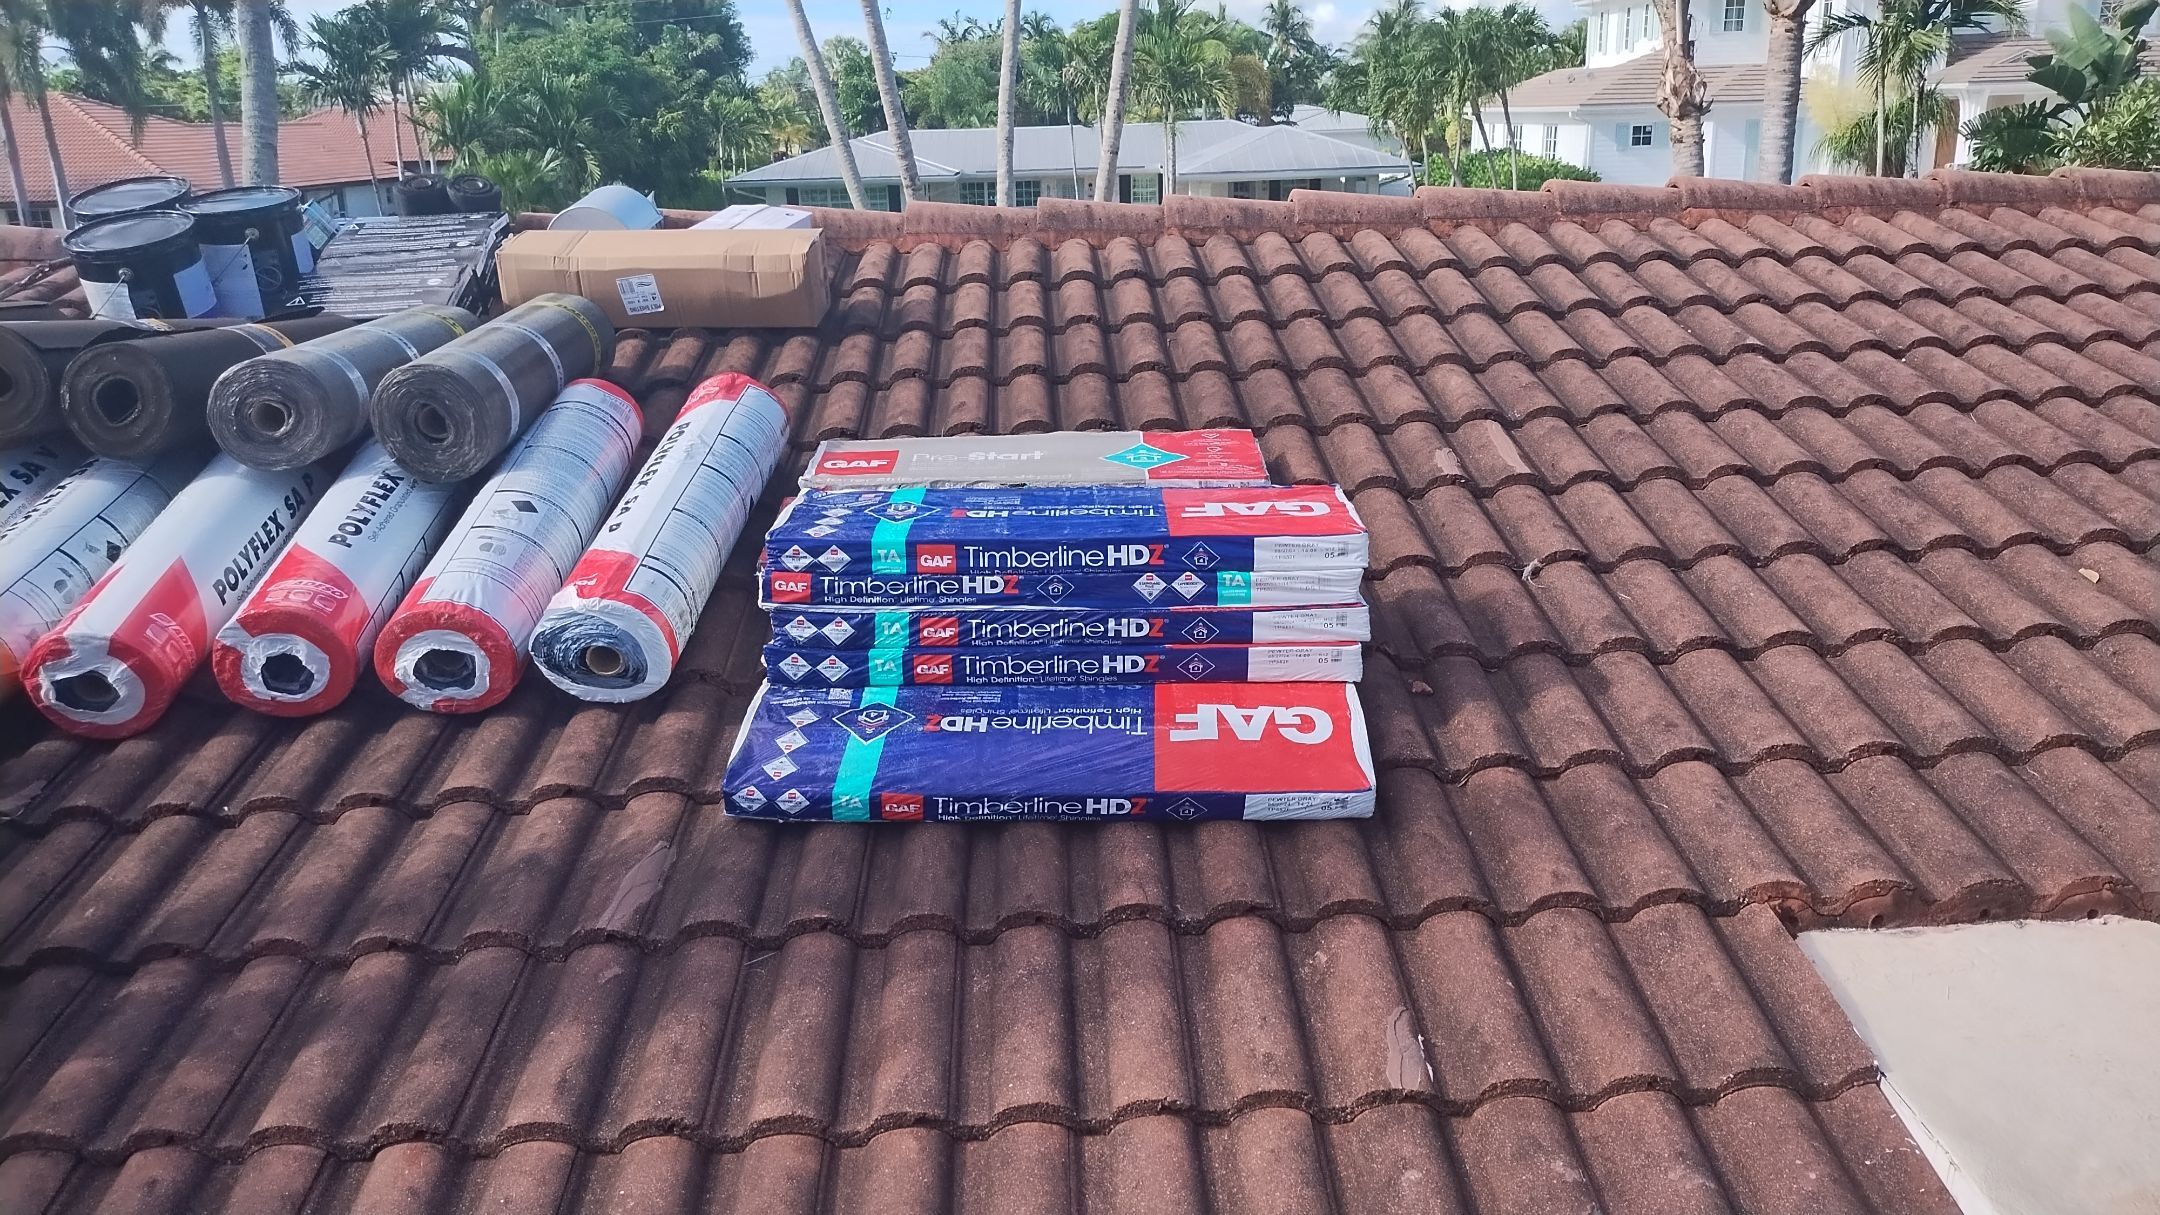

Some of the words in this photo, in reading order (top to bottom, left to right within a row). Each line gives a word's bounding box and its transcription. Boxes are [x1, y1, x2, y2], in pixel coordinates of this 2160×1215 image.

[823, 459, 890, 469] GAF
[911, 450, 1046, 463] Pre-Start
[9, 460, 46, 486] SA
[327, 468, 405, 549] POLYFLEX
[1011, 507, 1161, 518] Timberline
[1181, 501, 1332, 518] GAF
[212, 509, 286, 607] POLYFLEX
[283, 485, 306, 520] SA
[301, 472, 315, 495] P
[877, 549, 901, 564] TA
[920, 555, 953, 568] GAF
[964, 546, 1105, 567] Timberline
[1107, 544, 1165, 566] HDZ
[774, 580, 808, 593] GAF
[820, 576, 962, 595] Timberline
[962, 575, 1020, 594] HDZ
[1222, 573, 1246, 587] TA
[824, 596, 847, 604] High
[938, 596, 977, 604] Shingles
[881, 621, 903, 636] TA
[923, 627, 956, 639] GAF
[967, 619, 1105, 638] Timberline
[1107, 617, 1165, 638] HDZ
[874, 659, 897, 673] TA
[916, 664, 949, 675] GAF
[960, 655, 1100, 675] Timberline
[1102, 655, 1160, 674] HDZ
[966, 676, 989, 684] High
[1115, 707, 1142, 715] High
[923, 714, 989, 733] HDZ
[991, 714, 1148, 736] Timberline
[1169, 703, 1334, 745] GAF
[885, 802, 921, 813] GAF
[933, 797, 1082, 814] Timberline
[1086, 797, 1148, 815] HDZ
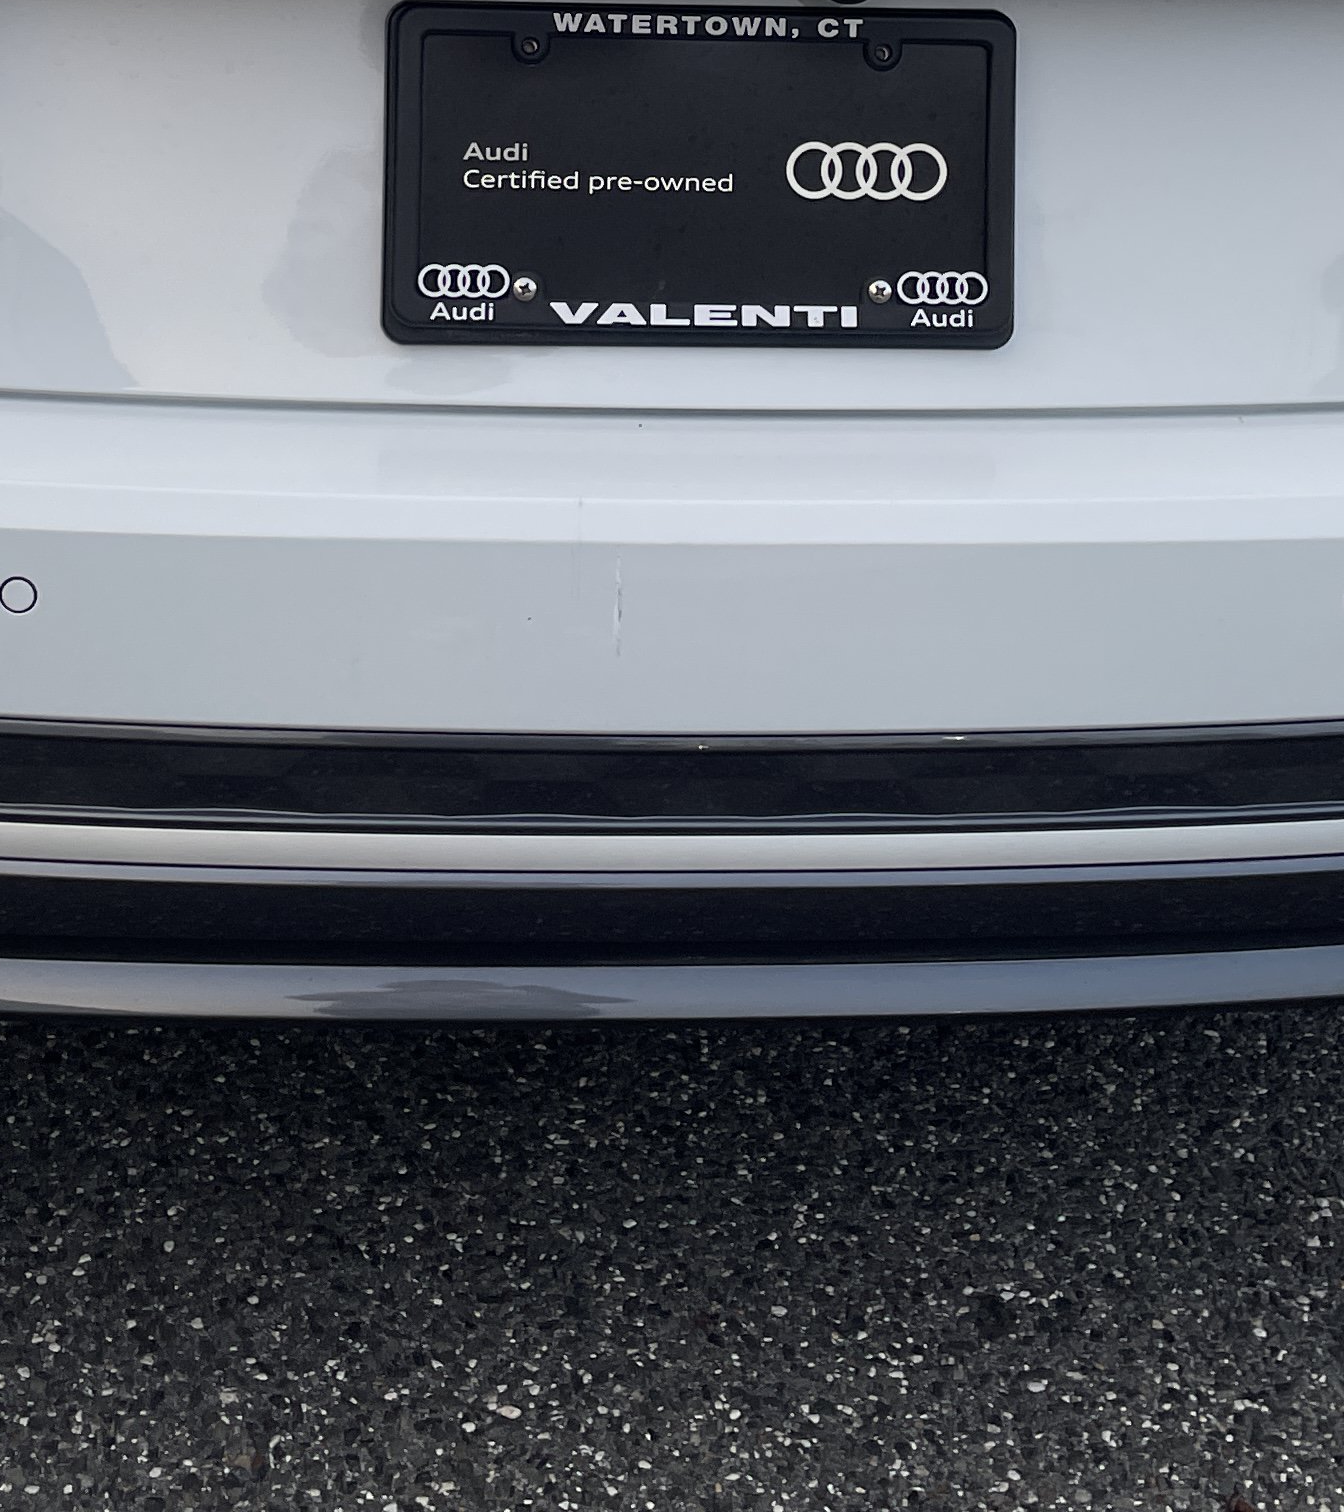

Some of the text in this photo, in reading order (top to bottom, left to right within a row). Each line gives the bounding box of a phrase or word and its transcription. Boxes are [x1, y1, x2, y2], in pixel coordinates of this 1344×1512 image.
· · · ·
What the exercise asks –
Set down the entries above exactly, and keep every picture out of your copy.

The completed task –
Some of the words in this photo, in reading order (top to bottom, left to right within a row). Each line gives a word's bounding box and its transcription. Boxes are [x1, y1, x2, y2], in pixel coordinates of this 2160×1215 image.

[823, 459, 890, 469] GAF
[911, 450, 1046, 463] Pre-Start
[9, 460, 46, 486] SA
[327, 468, 405, 549] POLYFLEX
[1011, 507, 1161, 518] Timberline
[1181, 501, 1332, 518] GAF
[212, 509, 286, 607] POLYFLEX
[283, 485, 306, 520] SA
[301, 472, 315, 495] P
[877, 549, 901, 564] TA
[920, 555, 953, 568] GAF
[964, 546, 1105, 567] Timberline
[1107, 544, 1165, 566] HDZ
[774, 580, 808, 593] GAF
[820, 576, 962, 595] Timberline
[962, 575, 1020, 594] HDZ
[1222, 573, 1246, 587] TA
[824, 596, 847, 604] High
[938, 596, 977, 604] Shingles
[881, 621, 903, 636] TA
[923, 627, 956, 639] GAF
[967, 619, 1105, 638] Timberline
[1107, 617, 1165, 638] HDZ
[874, 659, 897, 673] TA
[916, 664, 949, 675] GAF
[960, 655, 1100, 675] Timberline
[1102, 655, 1160, 674] HDZ
[966, 676, 989, 684] High
[1115, 707, 1142, 715] High
[923, 714, 989, 733] HDZ
[991, 714, 1148, 736] Timberline
[1169, 703, 1334, 745] GAF
[885, 802, 921, 813] GAF
[933, 797, 1082, 814] Timberline
[1086, 797, 1148, 815] HDZ

Some of the text in this photo, in reading order (top to bottom, left to right within a row). Each line gives the bounding box of a phrase or word and its transcription. Boxes are [x1, y1, x2, y2], in pixel coordinates of this 1344×1512 image.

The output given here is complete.